High-level waste (HLW) is a type of nuclear waste created by the irradiation of nuclear fuel in a reactor. Irradiation causes a build-up of fission products and transuranic elements (generated by capture of neutrons) in the fuel. Fission products typically have a much shorter half-life than uranium, which means the irradiated fuel is more radioactive and thus hotter than fresh fuel – high-level waste has heat output of >2 kW/m^{3}. At the same time, the fissile material (usually uranium-235) is used up, so that the fuel is no longer able to sustain the operation of the reactor and must be recycled or disposed of as waste.

High-level waste includes spent nuclear fuel itself as well as the byproducts of nuclear reprocessing, which results in liquid raffinates and other waste streams. Liquid wastes are not suitable for disposal, so these are vitrified to convert them into a solid, glass form which is suitable for disposal.

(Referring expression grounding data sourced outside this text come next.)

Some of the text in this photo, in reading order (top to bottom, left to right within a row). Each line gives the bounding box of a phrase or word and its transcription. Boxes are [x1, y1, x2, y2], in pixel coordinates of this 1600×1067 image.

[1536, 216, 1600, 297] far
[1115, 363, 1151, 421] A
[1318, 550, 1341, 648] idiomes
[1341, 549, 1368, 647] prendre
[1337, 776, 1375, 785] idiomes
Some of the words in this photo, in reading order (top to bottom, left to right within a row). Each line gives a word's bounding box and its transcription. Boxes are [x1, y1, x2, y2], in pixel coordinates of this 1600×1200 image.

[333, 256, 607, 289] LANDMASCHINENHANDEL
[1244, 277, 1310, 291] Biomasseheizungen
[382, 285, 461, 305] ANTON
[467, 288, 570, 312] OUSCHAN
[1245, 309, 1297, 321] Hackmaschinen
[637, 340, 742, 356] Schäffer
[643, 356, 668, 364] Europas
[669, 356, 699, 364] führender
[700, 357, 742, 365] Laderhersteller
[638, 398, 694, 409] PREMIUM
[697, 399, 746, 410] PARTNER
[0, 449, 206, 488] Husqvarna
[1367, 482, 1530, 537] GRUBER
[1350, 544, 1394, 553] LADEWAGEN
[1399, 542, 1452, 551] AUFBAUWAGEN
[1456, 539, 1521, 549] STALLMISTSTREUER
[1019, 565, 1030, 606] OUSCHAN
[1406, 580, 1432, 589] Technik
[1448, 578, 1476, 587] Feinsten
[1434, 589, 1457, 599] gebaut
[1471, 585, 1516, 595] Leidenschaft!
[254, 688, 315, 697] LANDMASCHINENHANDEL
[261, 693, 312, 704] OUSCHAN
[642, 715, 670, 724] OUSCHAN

Liquid high-level waste is typically held temporarily in underground tanks pending vitrification. Most of the high-level waste created by the Manhattan Project and the weapons programs of the Cold War exists in this form because funding for further processing was typically not part of the original weapons programs. Both spent nuclear fuel and vitrified waste are considered as suitable forms for long term disposal, after a period of temporary storage in the case of spent nuclear fuel.

HLW accounts for over 95% of the total radioactivity produced in the nuclear power process. In other words, while most nuclear waste is low-level and intermediate-level waste, such as protective clothing and equipment that have been contaminated with radiation, the majority of the radioactivity produced from the nuclear power generation process comes from high-level waste.

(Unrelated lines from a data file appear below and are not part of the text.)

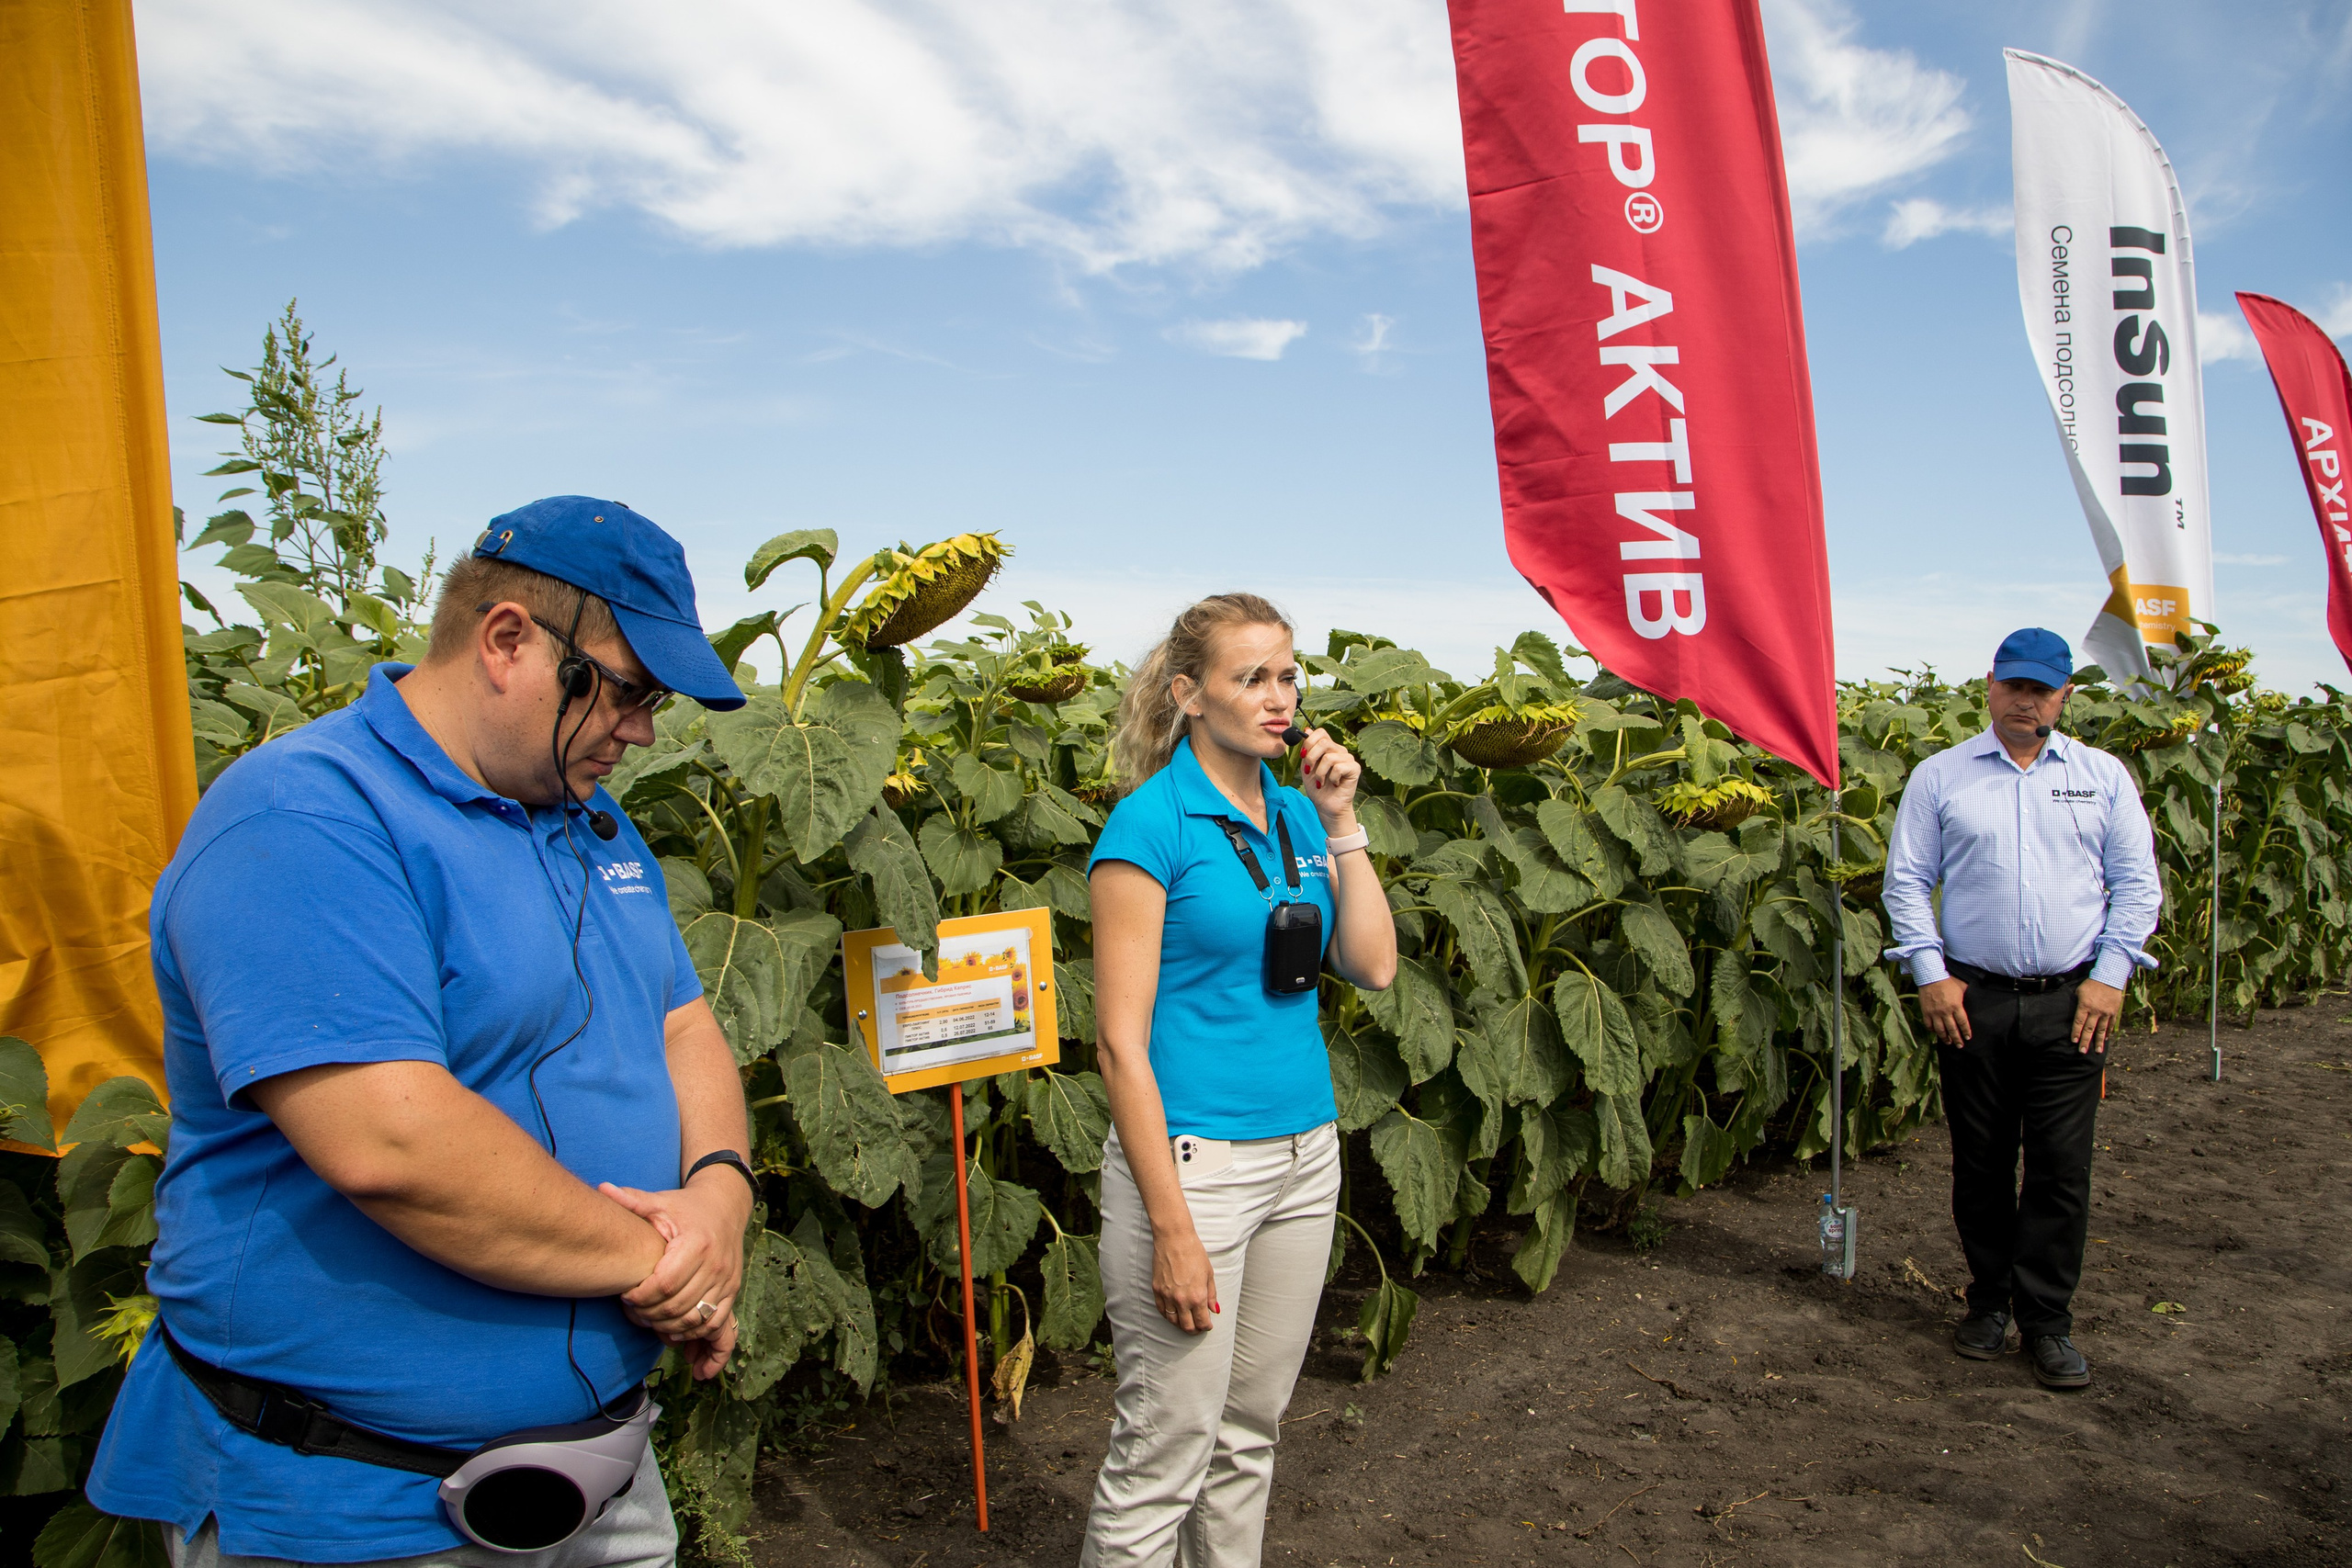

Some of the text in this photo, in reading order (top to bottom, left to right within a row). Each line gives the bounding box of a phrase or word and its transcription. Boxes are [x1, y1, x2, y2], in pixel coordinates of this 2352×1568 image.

[2051, 225, 2079, 457] Семена подсолне
[1590, 263, 1707, 640] АКТИВ
[2135, 598, 2177, 616] ASF
[2067, 790, 2096, 798] BASF
[1312, 855, 1328, 868] BA
[611, 862, 643, 879] BASF

Some countries, particularly France, reprocess commercial spent fuel. The United Kingdom reprocessed commercial spent fuel from its Magnox reactor fleet up until 2022.

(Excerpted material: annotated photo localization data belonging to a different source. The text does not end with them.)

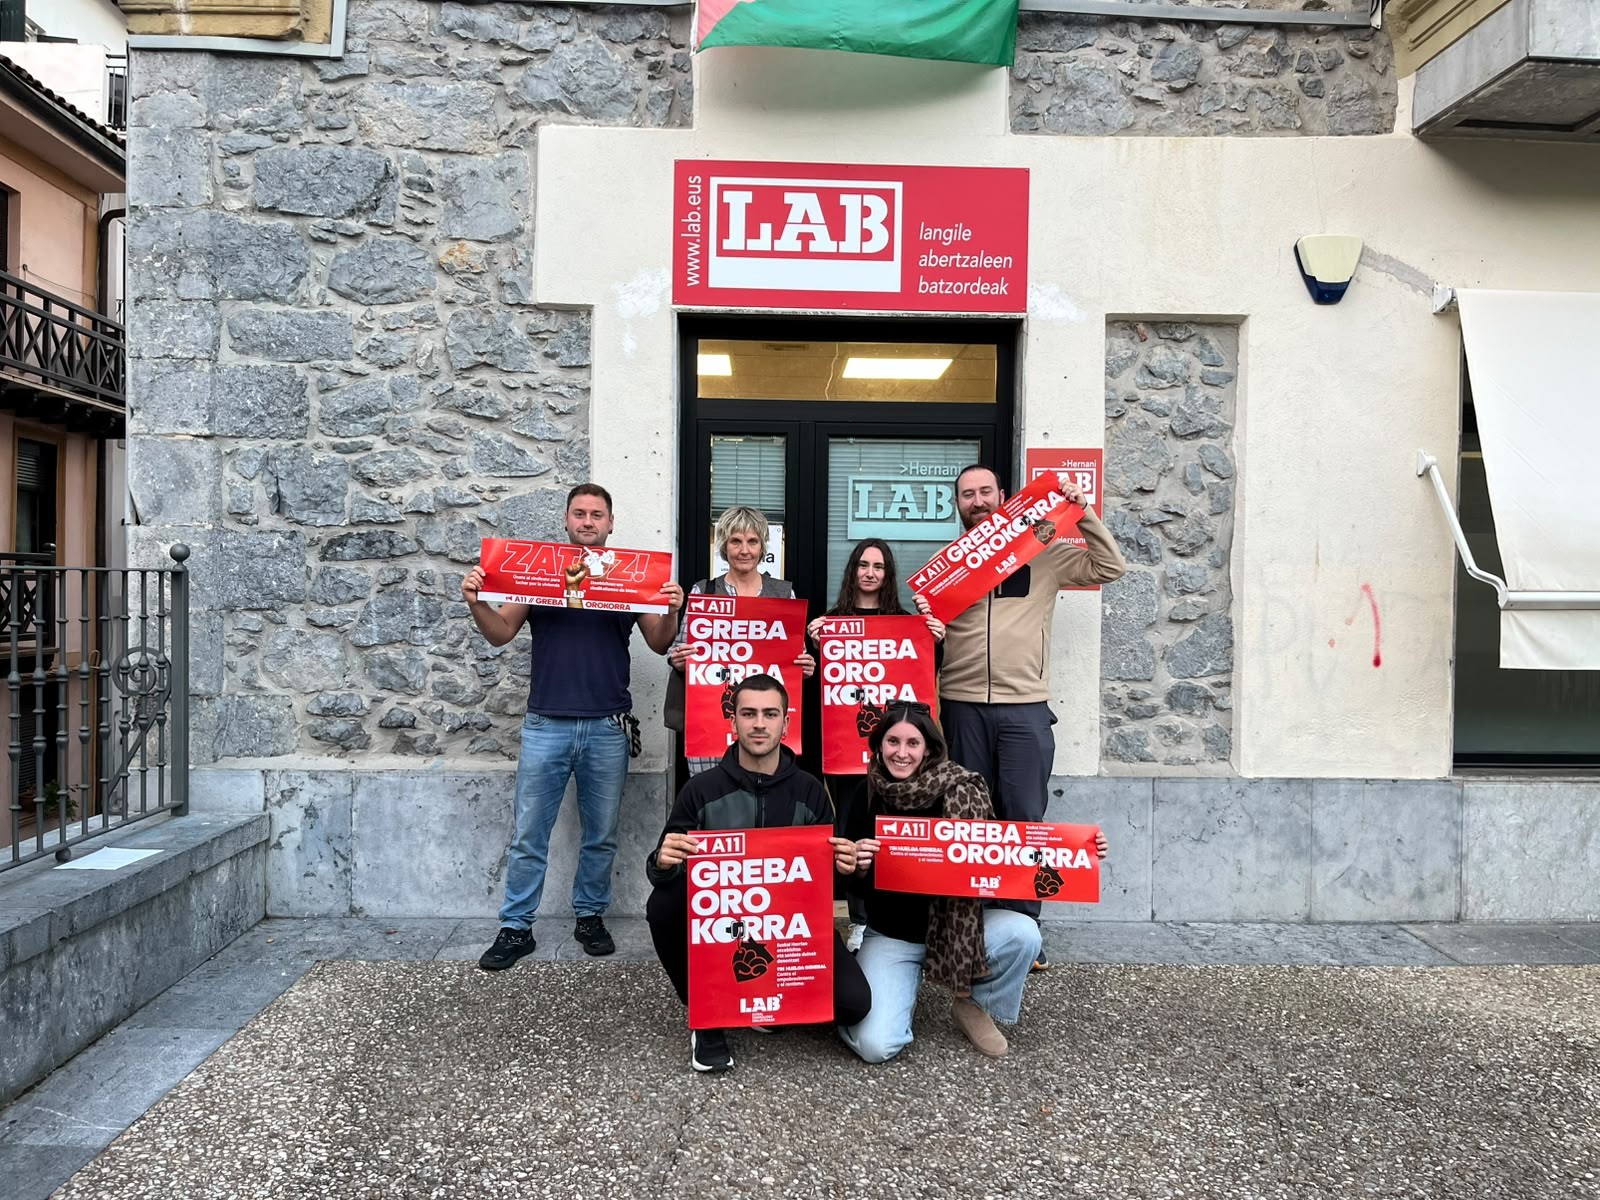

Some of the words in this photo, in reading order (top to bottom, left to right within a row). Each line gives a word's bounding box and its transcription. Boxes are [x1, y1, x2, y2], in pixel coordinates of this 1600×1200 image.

[681, 175, 702, 287] www.lab.eus
[722, 190, 889, 254] LAB
[918, 222, 972, 246] langile
[918, 250, 1013, 269] abertzaleen
[918, 276, 1009, 296] batzordeak
[854, 483, 954, 520] LAB
[946, 513, 1009, 562] GREBA
[965, 490, 1066, 569] OROKORRA
[926, 560, 946, 580] A11
[995, 553, 1018, 574] LAB
[514, 595, 527, 603] A11
[535, 597, 564, 606] GREBA
[563, 589, 585, 599] LAB
[585, 601, 631, 611] OROKORRA
[707, 599, 731, 614] A11
[689, 618, 788, 641] GREBA
[839, 622, 862, 634] A11
[689, 641, 754, 662] ORO
[823, 639, 918, 660] GREBA
[823, 661, 886, 683] ORO
[823, 683, 918, 706] KORRA
[900, 823, 925, 837] A11
[934, 820, 1021, 844] GREBA
[711, 836, 740, 853] A11
[947, 843, 1092, 870] OROKORRA
[691, 856, 813, 888] GREBA
[970, 876, 1000, 889] LAB
[691, 886, 771, 916] ORO
[691, 913, 812, 945] KORRA
[740, 995, 781, 1014] LAB

High-level waste is very radioactive and, therefore, requires special shielding during handling and transport. Initially it also needs cooling, because it generates a great deal of heat. Most of the heat, at least after short-lived nuclides have decayed, is from the medium-lived fission products caesium-137 and strontium-90, which have half-lives on the order of 30 years.

A typical large 1000 MWe nuclear reactor produces 25–30 tons of spent fuel per year.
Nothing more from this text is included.